Now for the major issue. I asked earlier at what point does symbol
resolution happen, and I was told it is on-demand and that the storage per
frame is a single pointer, implying that there is no caching. Since
resolving symbols is very very expensive it is desirable to have caching of
function/frame names. I can certainly image a developer streaming a frame to
the a log file multiple times and then being surprised when his/her program
slows down orders of magnitude. Caching of frame names is contrary to the
idea of having just one pointer stored per frame. This makes me wonder if
the underlying OS or library calls provide sufficient caching to avoid the
cost of a second call to boost::stacktrace::frame::to_string being too
great?
Resolving of the symbols requires not just an absolute address, but if
symbols are to be resolved 'after exit'/post mortem by another process it
requires the RVA (relative virtual address) and the module for code (e.g.
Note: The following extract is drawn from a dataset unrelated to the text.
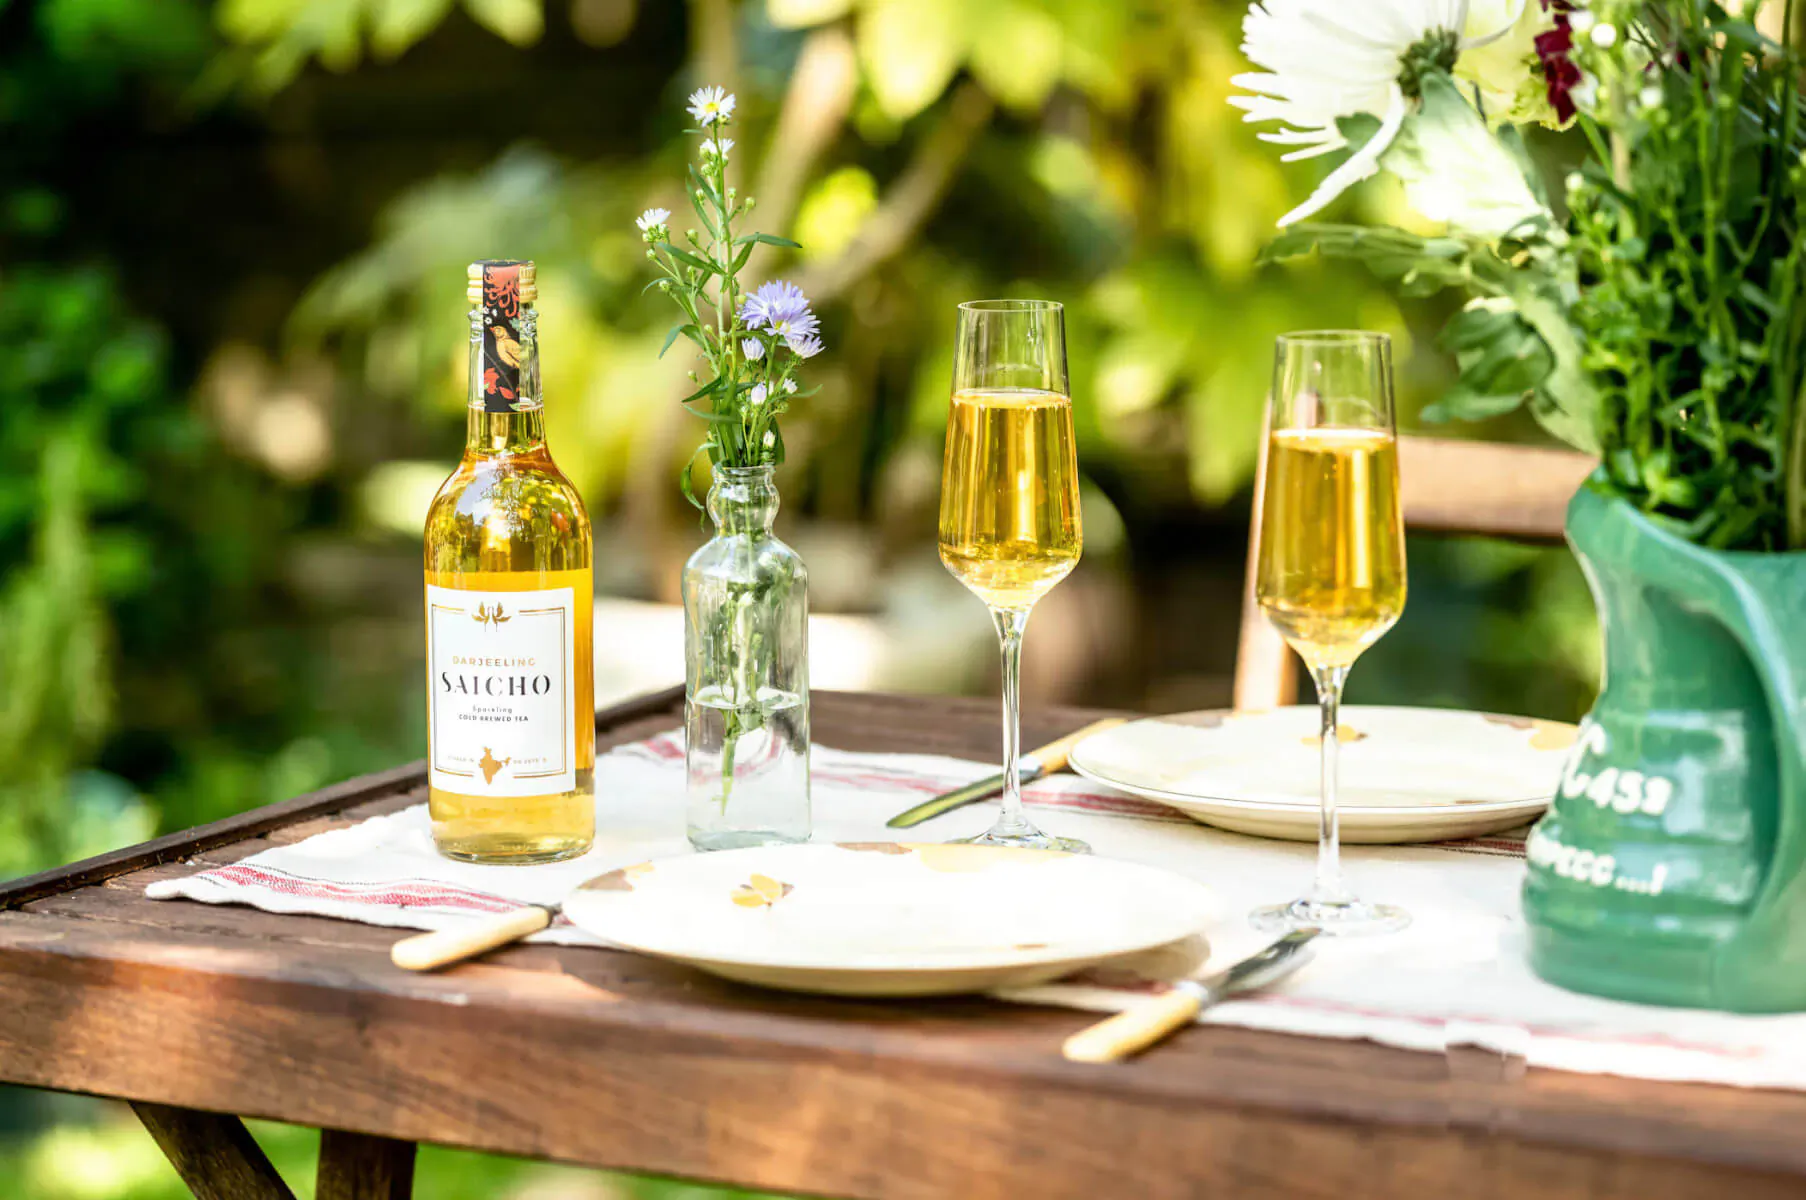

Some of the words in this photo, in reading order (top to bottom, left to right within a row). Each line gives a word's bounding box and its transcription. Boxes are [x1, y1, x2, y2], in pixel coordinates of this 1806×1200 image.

[452, 655, 536, 668] DARJEELING
[441, 671, 551, 696] SAICHO
[458, 713, 477, 721] COLD
path to shared library / dll, etc.) This can be deduced from the absolute
virtual address in the process, plus the module load address (which maybe
different each time the module loads).
What I would like to see is the ability to have an efficient stack trace
object that requires only one pointer per frame. Plus something that is able
to resolve symbols,* including post-mortem after a process has exited*.
These two goals I think result in multiple classes.
A light weight stacktrace class, in here to_string() would yield a pointer
value.
A symbolic_stacktrace class, in here to_string() would yield a human
readable symbol resolved string.
For the case of creating a symbolic_stacktrace from a serialized stacktrace
post-mortem a module_list would also be required, in the case that the same
process is used a symbolic_stacktrace would be creatable only from a
stacktrace.
Whether boost::stacktrace::frame stores a void * or a function pointer is a
little interesting -- as technically the pointers are not function pointers
but usually code pointers as they do not point to the beginning on a
function.
Having said all this, the current design does cover a simple case.
Summary:
* Control of how aggressive stack walking is.
* Ability to walk stack of another thread including in another process.
* boost::stacktrace::frame::to_string should be efficient for 2nd and 3rd
and multiple calls, but not require more than a single pointer to be stored
in the boost::stacktrace::frame. This implies either a different class for
symbol resolution or external caching.
* Control over what boost::stacktrace::frame::to_string includes (or define
it).
* Ability to work with post-mortem data. e.g. serialize a boost::stacktrace
plus other information (a list of modules) and then deserialize and resolve
symbols after the process has exited.